Direction la salle de musique. A l’intérieur du bruit. Des êtres humains bougent. On entre. Un monsieur tout gentil et souriant nous accueille. Des élèves sont vautrés un peu partout. Un autre monsieur chauve tente de les rassembler pour les faire chanter. Il fait sonner deux trois accords de guitare. Les mêmes qu’il y a trente ans. Monsieur Chauchat.
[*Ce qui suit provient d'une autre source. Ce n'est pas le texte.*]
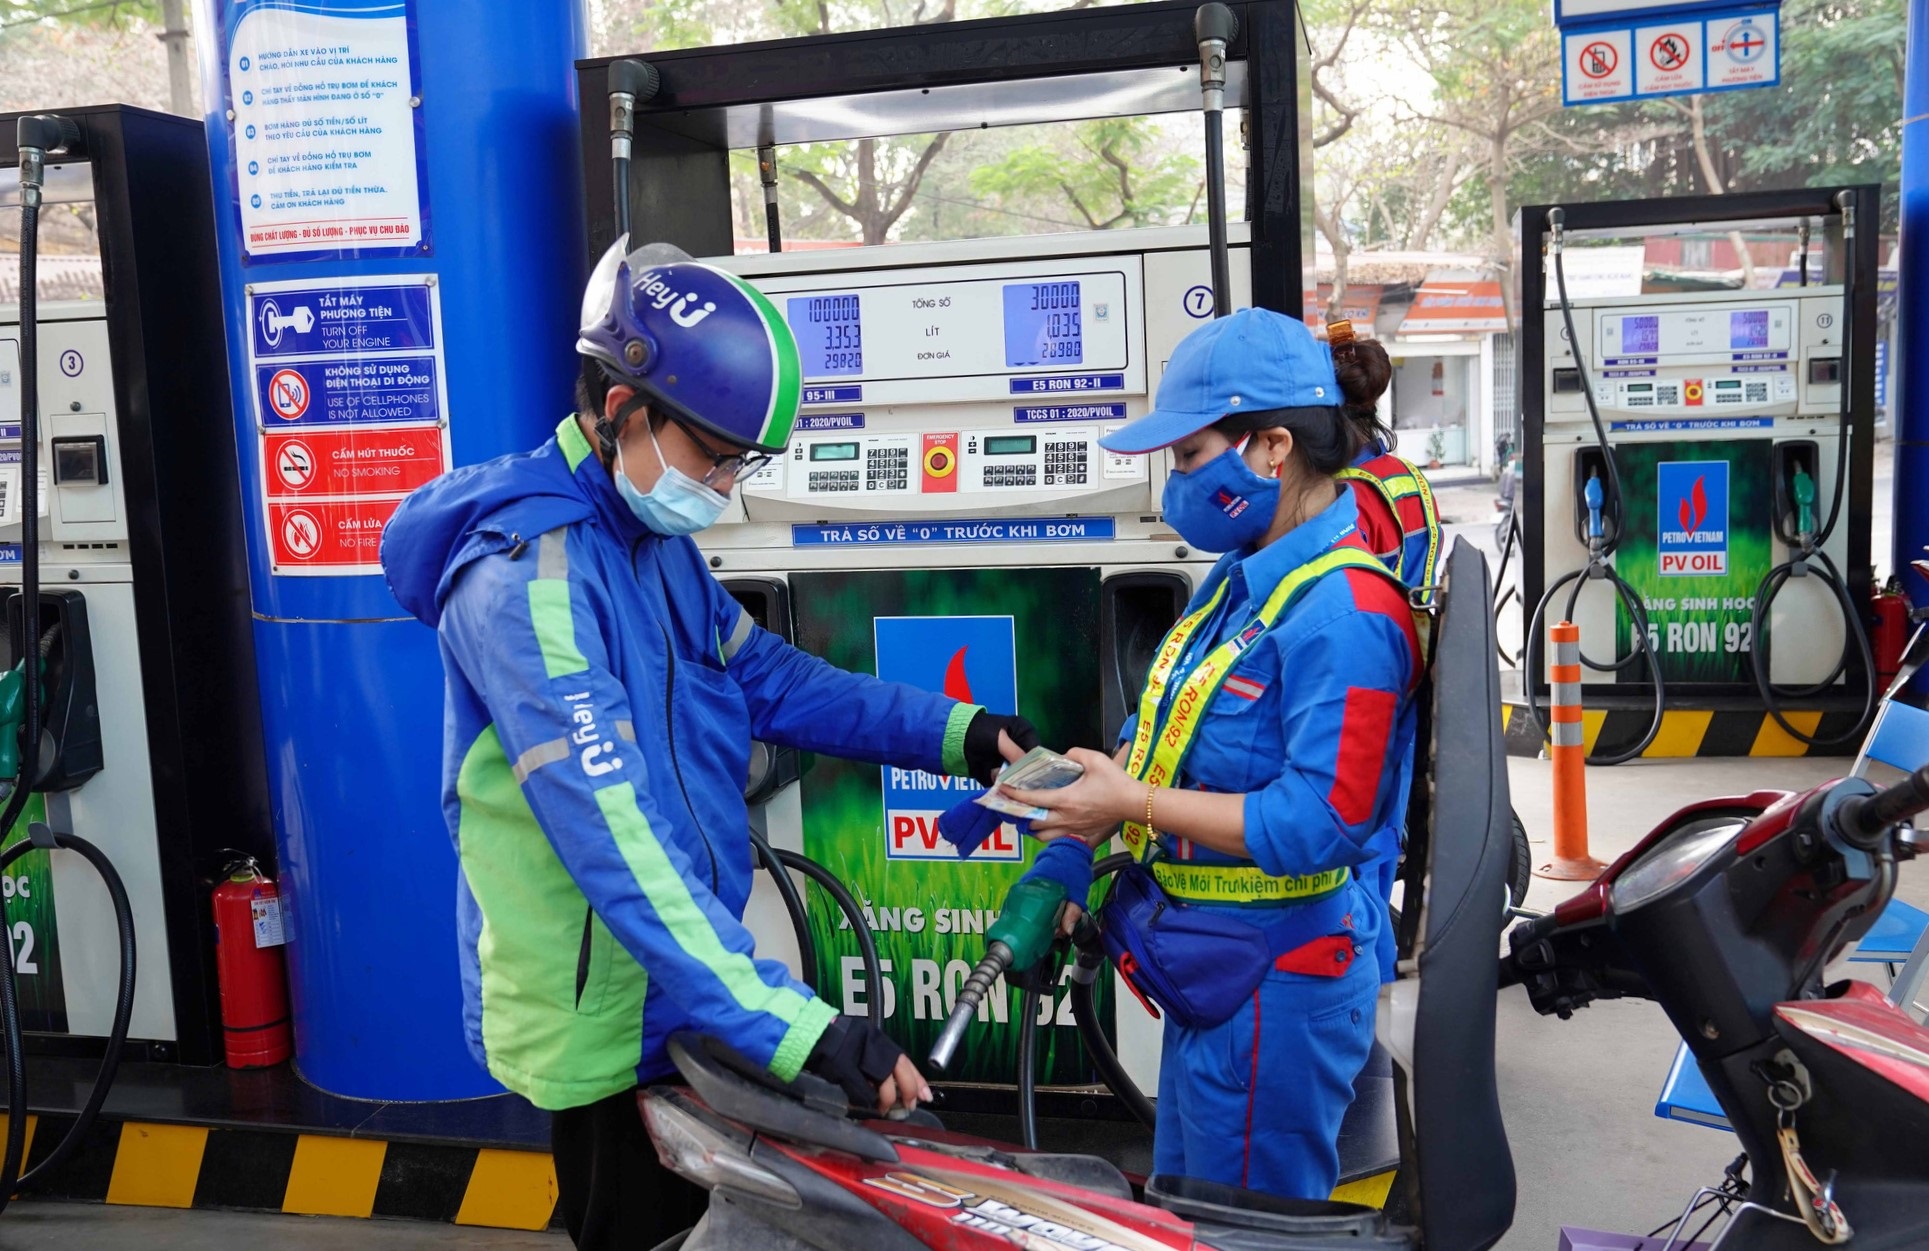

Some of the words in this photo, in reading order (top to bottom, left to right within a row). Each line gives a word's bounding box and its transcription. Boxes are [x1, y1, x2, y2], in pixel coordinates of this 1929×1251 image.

[350, 226, 367, 236] PHỤC
[380, 226, 393, 234] CHU
[320, 296, 337, 306] TẮT
[340, 295, 363, 305] MÁY
[912, 298, 935, 308] TỔNG
[939, 297, 951, 307] SỐ
[1031, 284, 1079, 310] 30000
[1195, 293, 1205, 309] 7
[321, 307, 366, 318] PHƯƠNG
[369, 306, 391, 318] TIỆN
[809, 297, 859, 322] 100000
[322, 326, 346, 336] TURN
[349, 326, 367, 334] OFF
[926, 325, 939, 336] LÍT
[323, 339, 350, 349] YOUR
[352, 337, 390, 347] ENGINE
[825, 352, 861, 369] 29820
[918, 352, 934, 360] ĐƠN
[936, 350, 950, 359] GIÁ
[68, 356, 75, 370] 3
[326, 366, 361, 376] KHÔNG
[364, 365, 377, 375] SỬ
[380, 364, 410, 375] DỤNG
[326, 378, 348, 388] ĐIỆN
[351, 376, 382, 387] THOẠI
[385, 376, 395, 385] DI
[398, 375, 429, 386] ĐỘNG
[1033, 380, 1046, 391] E5
[1049, 379, 1071, 390] RON
[1075, 378, 1100, 389] 92-II
[328, 397, 344, 406] USE
[347, 396, 360, 405] OF
[363, 394, 429, 405] CELLPHONES
[807, 390, 835, 400] 95-III
[329, 410, 337, 419] IS
[339, 409, 359, 419] NOT
[362, 407, 411, 418] ALLOWED
[1026, 410, 1047, 419] TCCS
[1050, 409, 1060, 418] 01
[1067, 407, 1113, 418] 2020/PVOIL
[810, 417, 853, 427] 2020/PVOIL
[1645, 422, 1655, 430] SỐ
[333, 447, 355, 459] CẤM
[358, 447, 378, 458] HÚT
[379, 446, 415, 457] THUỐC
[334, 468, 349, 477] NO
[352, 466, 400, 476] SMOKING
[339, 519, 361, 529] CẤM
[364, 518, 382, 529] LỬA
[821, 527, 852, 542] TRẢ
[858, 526, 880, 541] SỐ
[885, 524, 906, 540] VỀ
[944, 522, 1002, 538] TRƯỚC
[1009, 525, 1037, 537] KHI
[1046, 524, 1085, 537] BƠM
[1662, 531, 1723, 544] PETROVIETNAM
[340, 538, 357, 547] NO
[359, 537, 376, 546] FIRE
[1662, 555, 1689, 570] PV
[1692, 555, 1723, 570] OIL
[1634, 596, 1676, 611] ĂNG
[1681, 598, 1718, 610] SINH
[1723, 598, 1755, 613] HỌC
[1668, 622, 1716, 652] RON
[1724, 622, 1753, 652] 92
[1173, 685, 1198, 727] RON
[1140, 719, 1151, 744] E5
[1163, 726, 1182, 749] 92
[1125, 825, 1141, 846] 92
[1156, 868, 1173, 887] Bảo
[1173, 873, 1186, 894] Vệ
[1190, 874, 1210, 892] Môi
[1240, 875, 1279, 898] kiệm
[839, 900, 925, 932] XĂNG
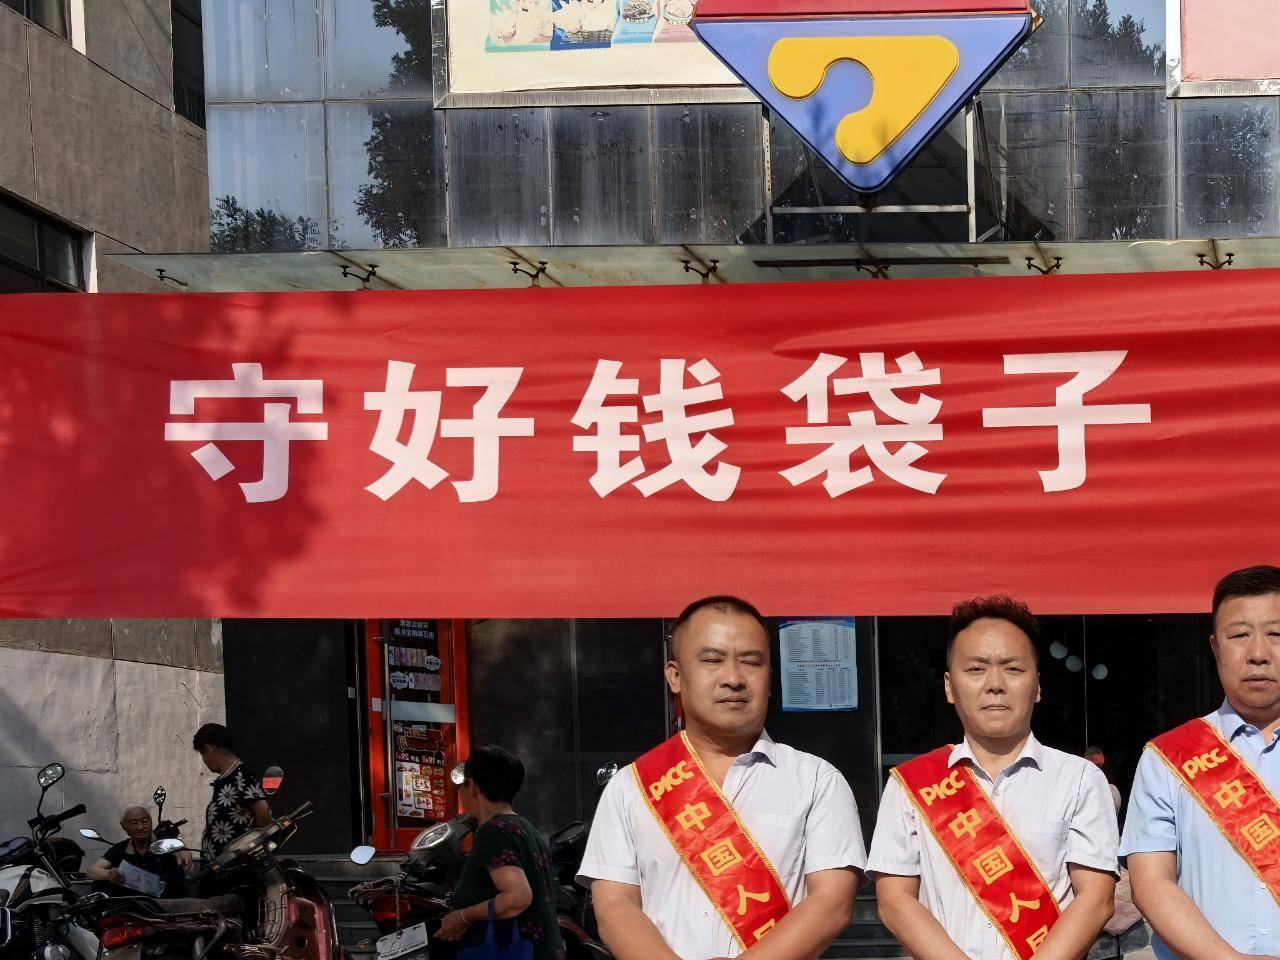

Et bien voila Anne-Lise arrive au sommet de son art. D’un établissement où il suffirait de renommer le parloir en »espace de de rencontre », repeindre les couloirs ,planter quelques végétaux dans la cour ,nous entrons dans le roman digne d’un Victor Hugo. Ne voyons nous pas revivre Cosette et les Thénardier?
Qui est-ce qui a psychosomatisé juste avant la fameuse porte ouverte? Ton inconscient t’a fait attraper le Covid pour ne pas être obligé de visiter Alcatraz! Lui sait mieux que toi! Lui sait qu’un coup de rouleau et trois quatre jardinières n’aurait rien fait et n’y feront rien!!! Ecoute ton inconscient!
J’aime trop ton style d’écriture, léger et généreux.
Bonne continuation
Sonia
Merci Sonia! Ton commentaire me touche! Bienvenue dans Anne-Lise fait des chansons!